Exercise brief: Each entry below is to be restated word for word, with no pictures carried over.

Input material:
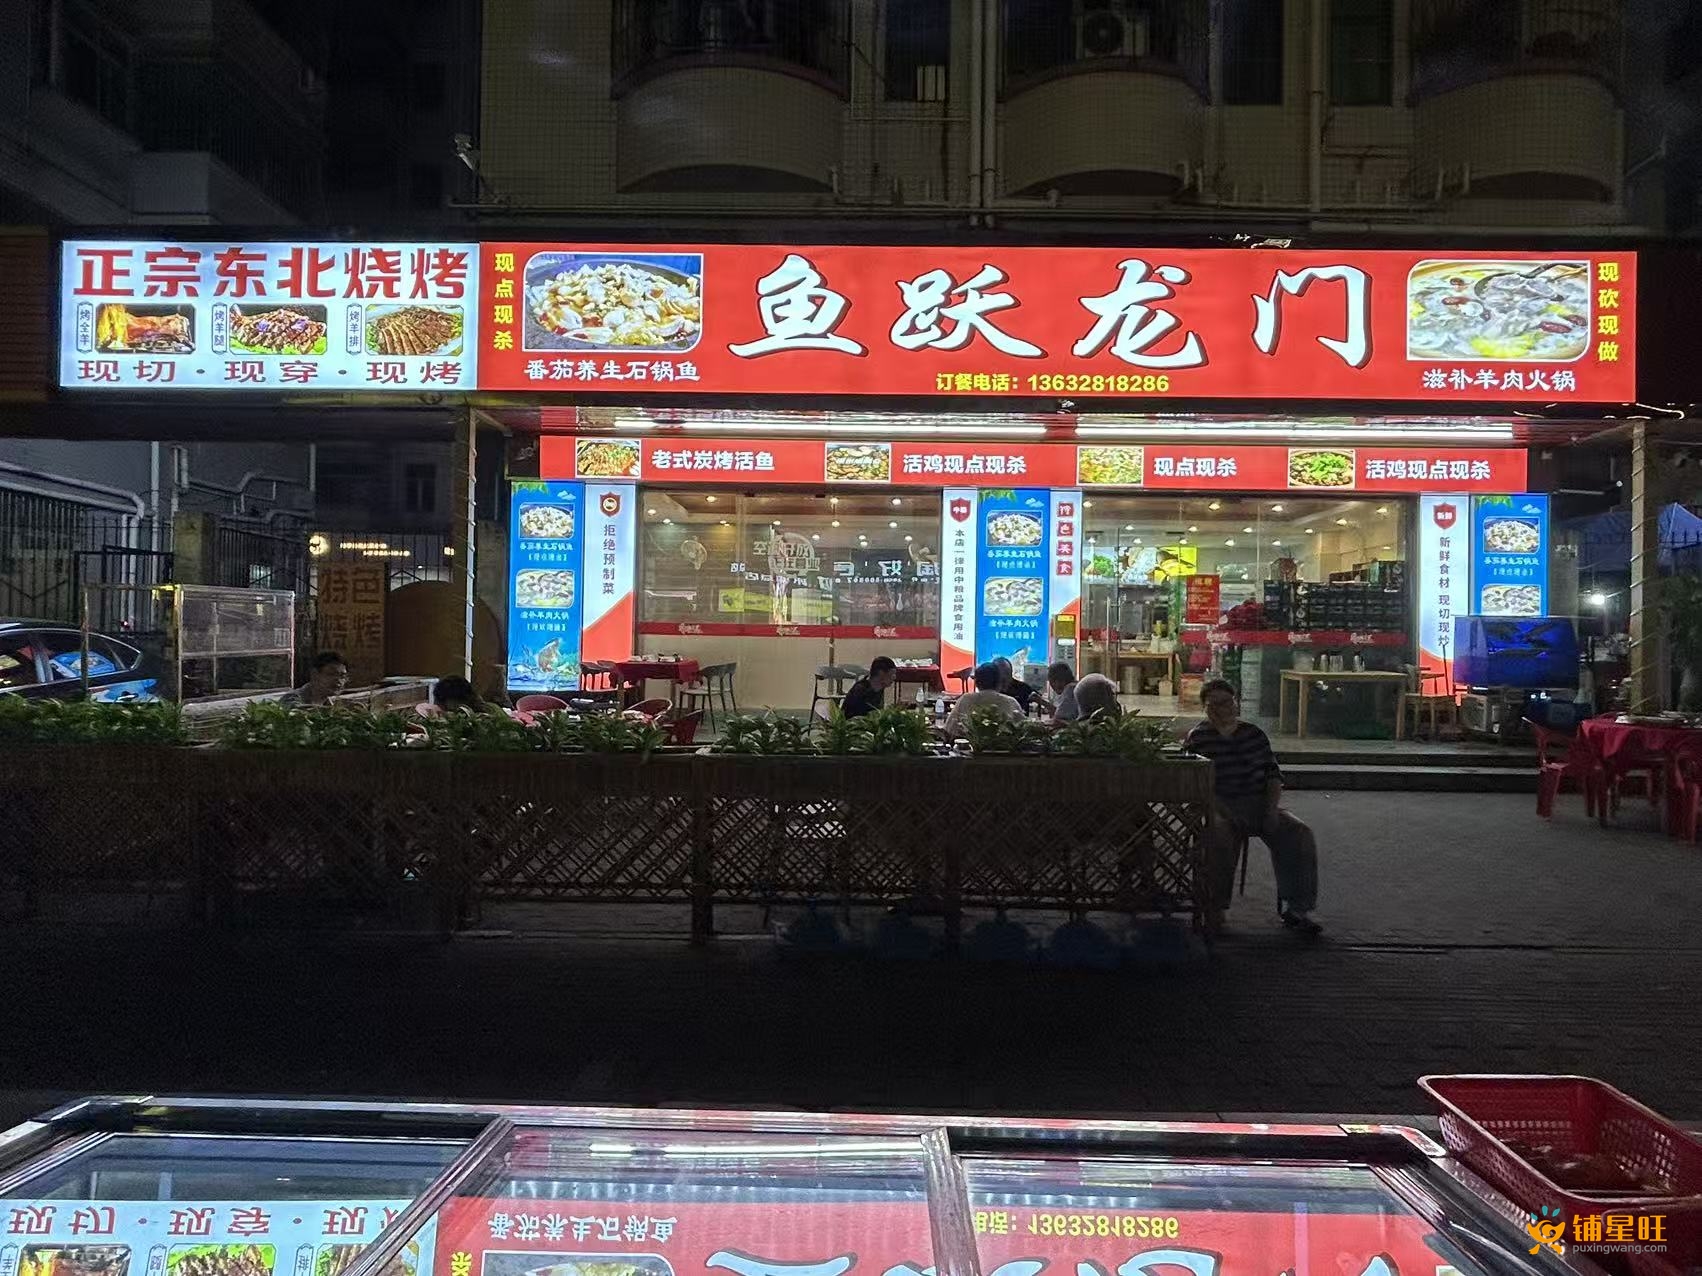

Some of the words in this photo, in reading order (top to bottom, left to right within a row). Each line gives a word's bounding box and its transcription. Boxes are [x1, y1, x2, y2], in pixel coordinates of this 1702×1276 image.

[73, 247, 468, 298] 正宗东北烧烤
[494, 252, 515, 351] 现点现杀
[727, 253, 1373, 369] 鱼跃龙门
[1597, 262, 1620, 362] 现砍现做
[79, 309, 90, 345] 烤全羊
[214, 310, 225, 346] 烤羊腿
[349, 310, 360, 347] 烤羊排
[523, 359, 700, 382] 番茄养生石锅鱼
[1423, 369, 1576, 392] 滋补羊肉火锅
[652, 450, 775, 471] 老式炭烤活鱼
[902, 454, 1027, 475] 活鸡现点现杀
[1153, 456, 1237, 478] 现点现杀
[1365, 459, 1491, 480] 活鸡现点现杀
[602, 524, 616, 595] 拒绝预制菜
[1439, 537, 1450, 588] 新鲜食材
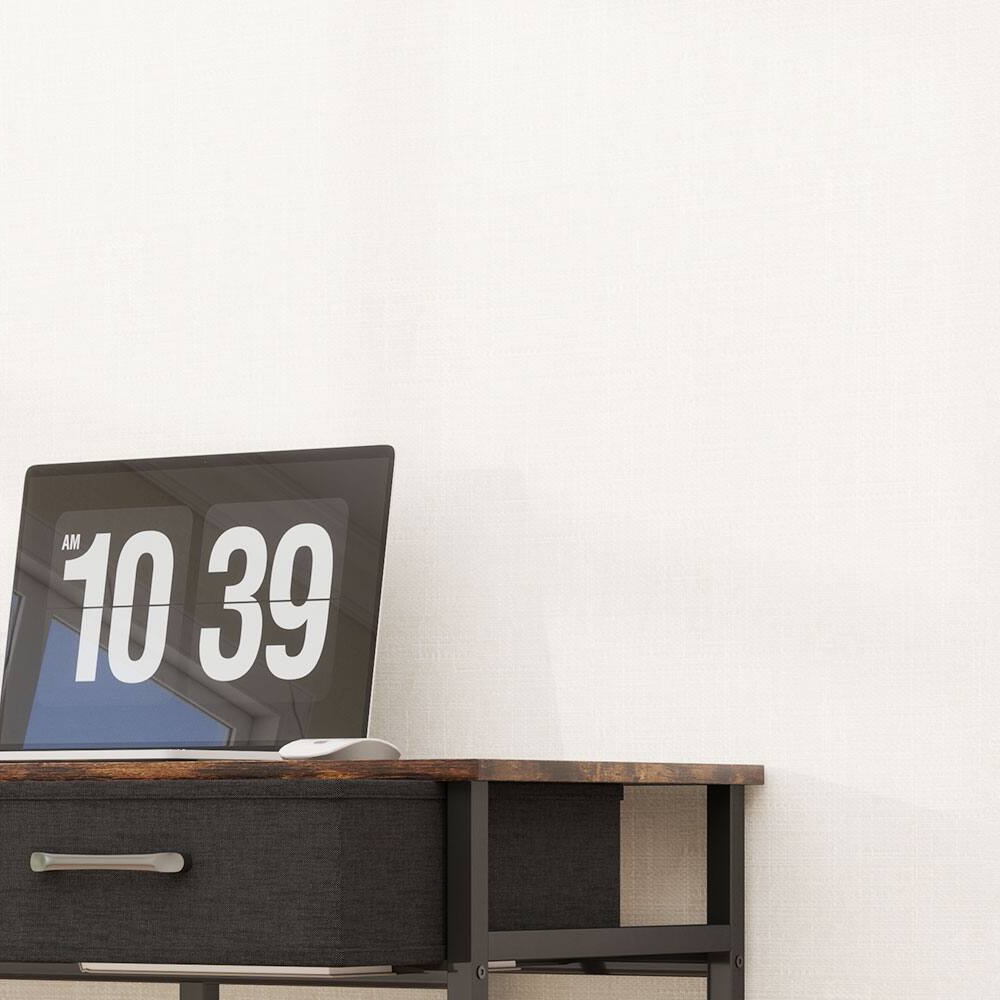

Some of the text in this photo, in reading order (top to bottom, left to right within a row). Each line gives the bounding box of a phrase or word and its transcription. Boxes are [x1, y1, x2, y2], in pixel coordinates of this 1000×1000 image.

[61, 533, 80, 550] AM
[63, 522, 334, 684] 10 39
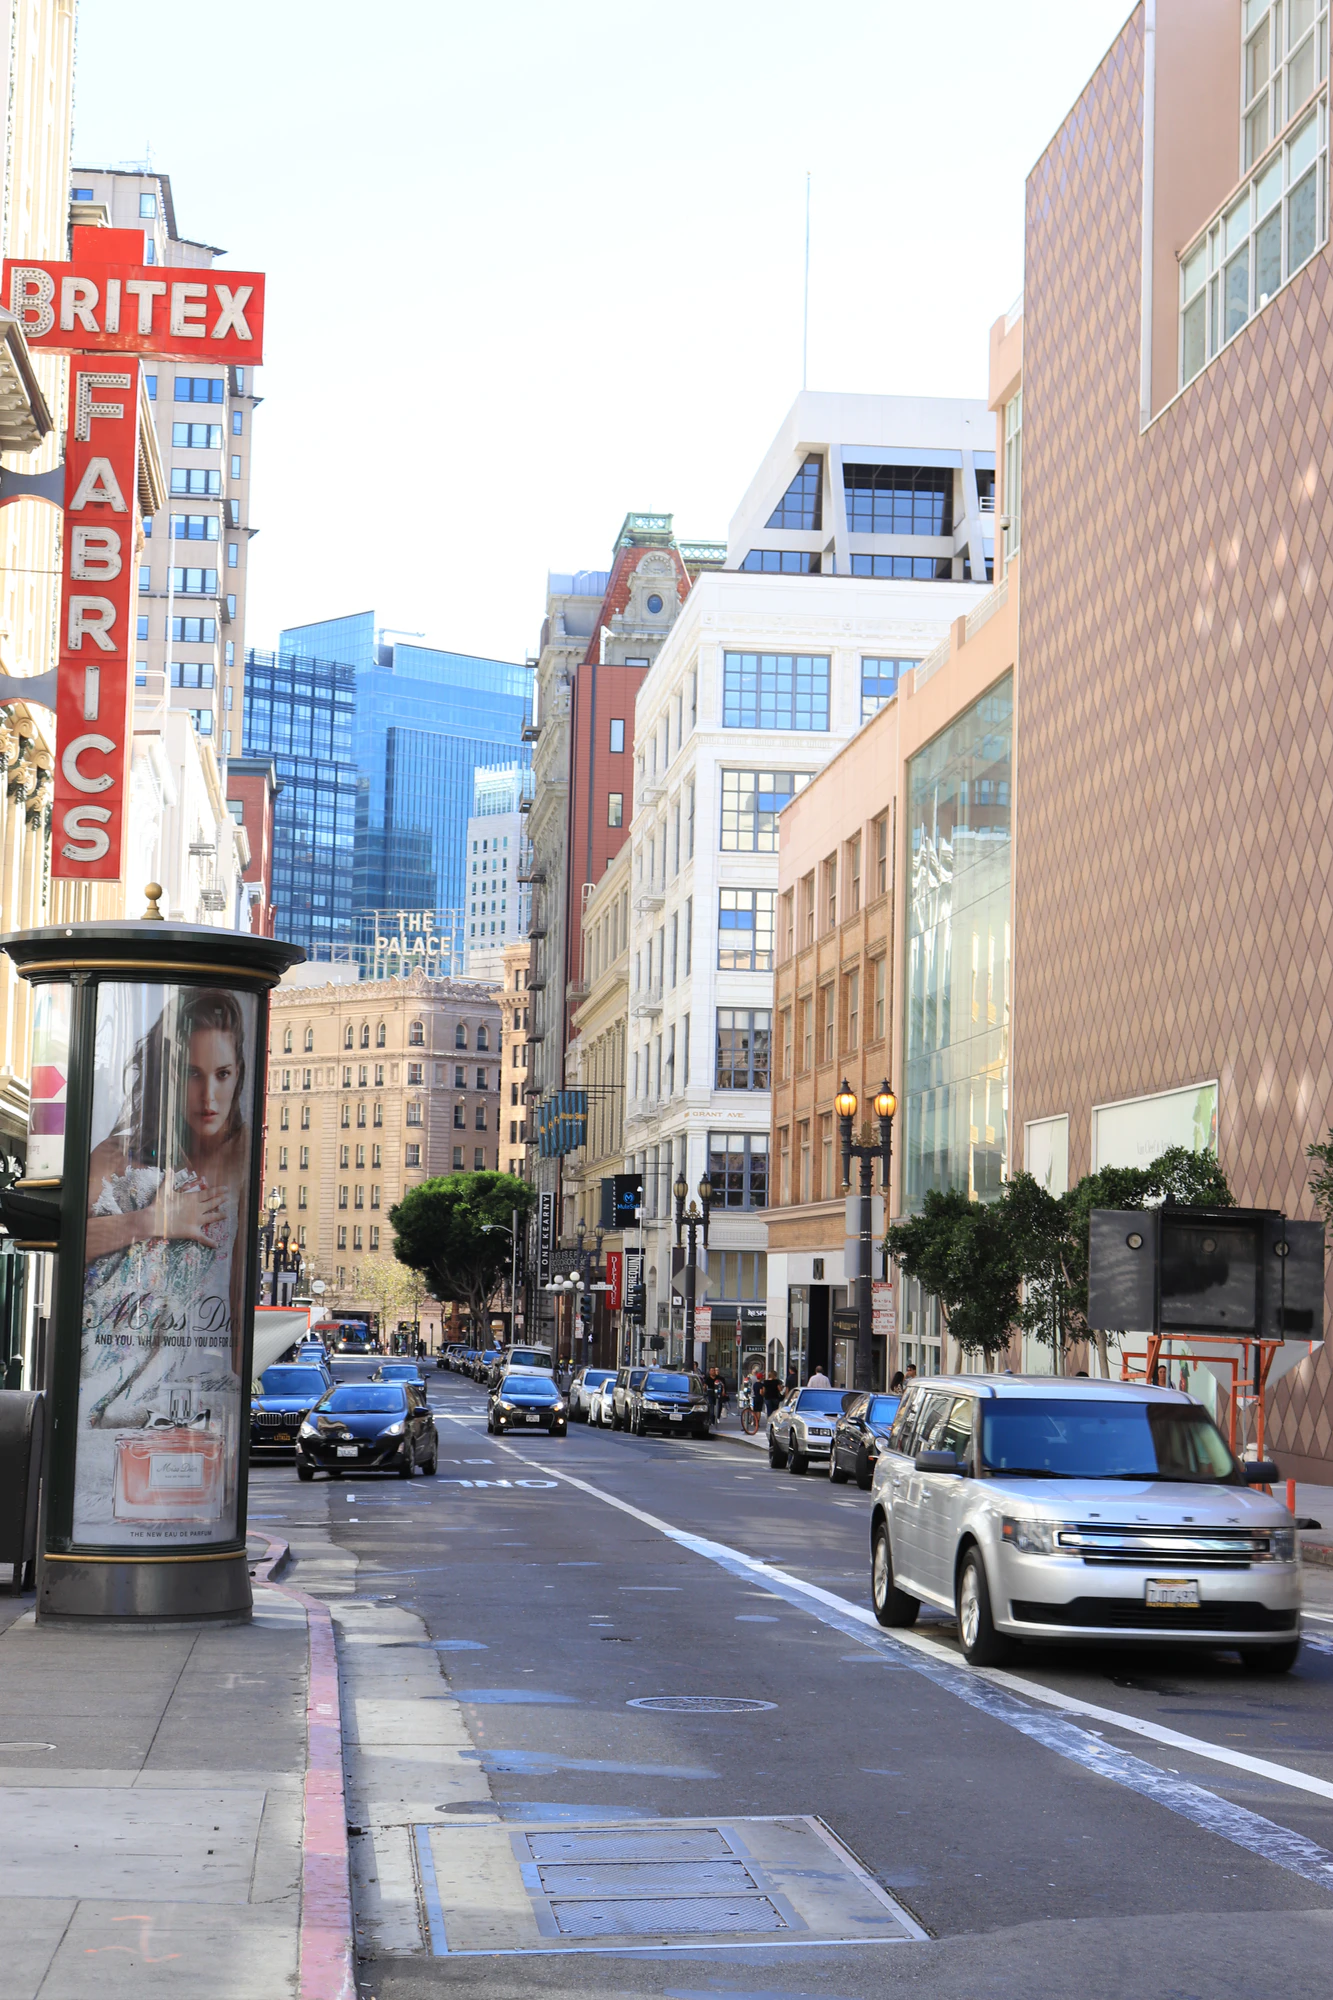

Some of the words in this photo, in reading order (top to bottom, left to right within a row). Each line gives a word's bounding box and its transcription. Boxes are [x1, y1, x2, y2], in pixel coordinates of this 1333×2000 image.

[10, 267, 254, 341] BRITEX
[60, 370, 132, 862] FABRICS
[396, 912, 434, 932] THE
[375, 936, 451, 956] PALACE
[542, 1196, 550, 1239] KEARNY
[541, 1244, 549, 1265] ONE
[86, 1292, 187, 1331] Miss
[95, 1334, 113, 1345] AND
[163, 1336, 192, 1347] WOULD
[194, 1336, 208, 1347] YOU
[208, 1336, 218, 1347] DO
[219, 1337, 229, 1347] FOR
[1089, 1513, 1240, 1523] FLEX

Answer box:
Some of the words in this photo, in reading order (top to bottom, left to right within a row). Each line gives a word's bounding box and its transcription. Boxes are [x1, y1, x2, y2], in pixel coordinates of this 1702×1276 image.

[73, 247, 468, 298] 正宗东北烧烤
[494, 252, 515, 351] 现点现杀
[727, 253, 1373, 369] 鱼跃龙门
[1597, 262, 1620, 362] 现砍现做
[79, 309, 90, 345] 烤全羊
[214, 310, 225, 346] 烤羊腿
[349, 310, 360, 347] 烤羊排
[523, 359, 700, 382] 番茄养生石锅鱼
[1423, 369, 1576, 392] 滋补羊肉火锅
[652, 450, 775, 471] 老式炭烤活鱼
[902, 454, 1027, 475] 活鸡现点现杀
[1153, 456, 1237, 478] 现点现杀
[1365, 459, 1491, 480] 活鸡现点现杀
[602, 524, 616, 595] 拒绝预制菜
[1439, 537, 1450, 588] 新鲜食材

Some of the text in this photo, in reading order (top to bottom, left to right within a row). Each line gives the bounding box of a phrase or word and its transcription. Boxes are [x1, y1, x2, y2], in pixel coordinates of this 1000×1000 image.

[61, 533, 80, 550] AM
[63, 522, 334, 684] 10 39

Some of the words in this photo, in reading order (top to bottom, left to right within a row). Each line gives a word's bounding box and its transcription. Boxes are [x1, y1, x2, y2], in pixel coordinates of this 1333×2000 image.

[10, 267, 254, 341] BRITEX
[60, 370, 132, 862] FABRICS
[396, 912, 434, 932] THE
[375, 936, 451, 956] PALACE
[542, 1196, 550, 1239] KEARNY
[541, 1244, 549, 1265] ONE
[86, 1292, 187, 1331] Miss
[95, 1334, 113, 1345] AND
[163, 1336, 192, 1347] WOULD
[194, 1336, 208, 1347] YOU
[208, 1336, 218, 1347] DO
[219, 1337, 229, 1347] FOR
[1089, 1513, 1240, 1523] FLEX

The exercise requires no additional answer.